In sync with you, with the rhythm of summer cicadas, and this whole wild creation.

Then, we pray that you will find our hearts available— 

Not just physically, but emotionally and spiritually. 

So like the mockingbird releases her song, 

We release our hearts to you. 

Move in them. 

Stir us awake. 

Speak to us now. 

We are waiting. 

Amen.

In 2009, I attended the annual Festival of Homiletics—a week-long preaching and worship conference—when it came to Atlanta. Sitting in a room at Peachtree Road United Methodist Church, I listened to a lecture by pastor, author and activist, Brian McLaren on the intersection with faith and economics. Toward the end of his presentation, McLaren offered a nuanced interpretation of the story of the rich young ruler that I hadn’t previously considered. He said:[1]
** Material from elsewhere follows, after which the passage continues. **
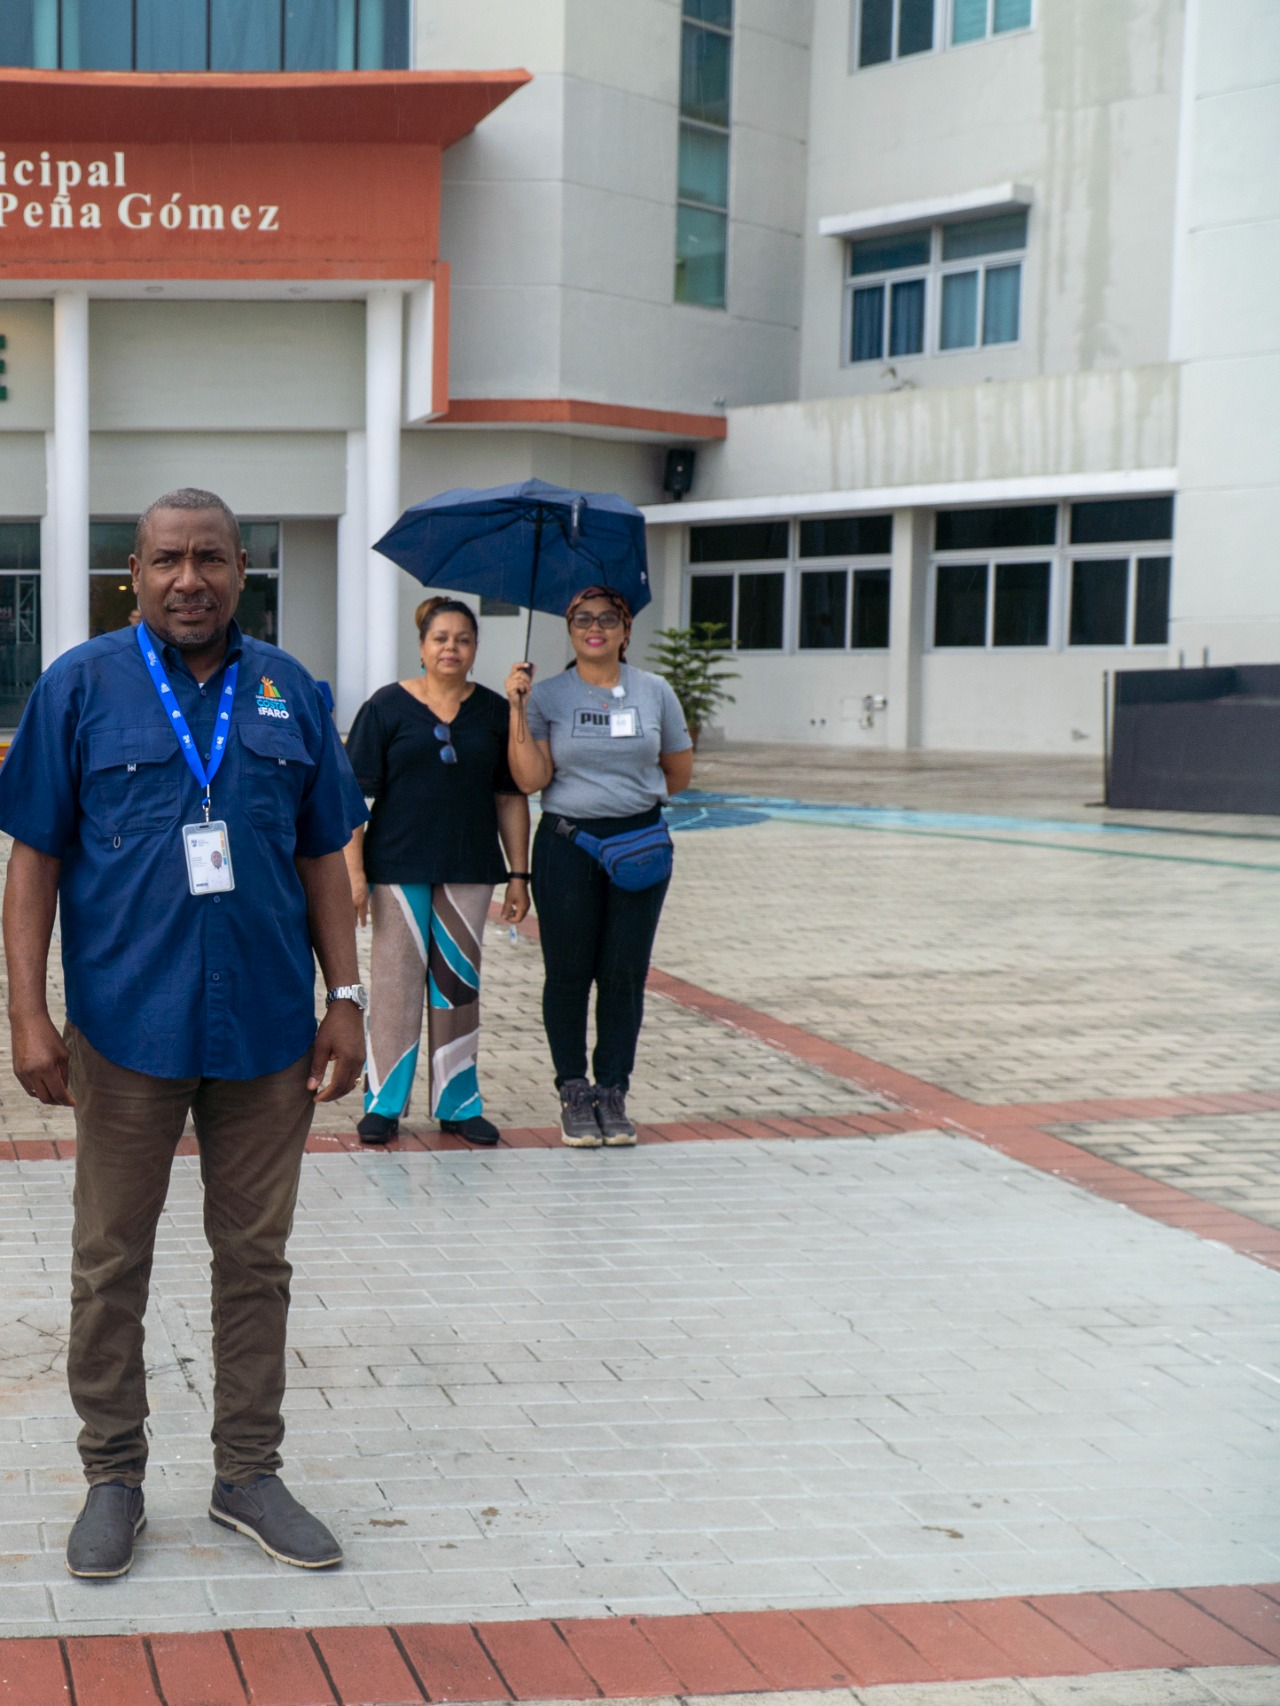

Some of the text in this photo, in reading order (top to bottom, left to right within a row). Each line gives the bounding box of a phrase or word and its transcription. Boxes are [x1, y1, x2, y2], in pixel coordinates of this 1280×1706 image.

[118, 192, 280, 231] Gómez
[256, 699, 287, 711] COSTA
[261, 706, 289, 719] FARO
A rich young ruler comes to Jesus. The only way you can become a ruler is by working with the Romans. And the only way you can become rich is by figuring out how to work the Roman system to your advantage, especially to become rich at a young age. So this is a guy who is deeply embedded with everything that is wrong with the economy of Jesus’ day. … What if what Jesus is saying to the guy is this:

 “Listen. You’ve already made it. You’ve got a lot of wealth. Your part of a corrupt system and it’s worked for you. (If) you really want to be part of life of the ages, you understand that obeying the Ten Commandments, which focus on personal morality, that’s not enough. You’ve got to go beyond personal morality and you’ve got to be concerned about social morality. Because the kingdom of God doesn’t just focus you on worrying about your own moral score card. It actually invests you in caring about your neighbor. So, stop working for the kingdom of Caesar that is all about climbing to the top and achieving riches, and instead join me in the kingdom of God, join me in working for the poor. Join me in leveraging your obvious intelligence and gifts and moral rectitude. Invest that with me for the sake of the kingdom of God for the people who are most in need. Switch sides.”

For the longest time, I’ve always thought the takeaway message in this encounter between the rich young ruler and Jesus was that anyone with wealth, possessions or means was supposed to give away everything to the poor less they be considered too selfish, greedy and imperfect to follow Jesus. Thus I have avoided preaching, up until now, sermons on this story because it seemed awkward and guilt inducing—a mismatch with our reformed Presbyterian beliefs about God and God’s call of us. God doesn’t view the possession of money or things purchased with our finances a sin. Nor does God consider us to be unworthy if we don’t give away all of our possessions, or even ask us to do such a thing to be a disciple. Remember that Joseph of Arimathea, who helped bury Jesus, was both a rich man and a disciple.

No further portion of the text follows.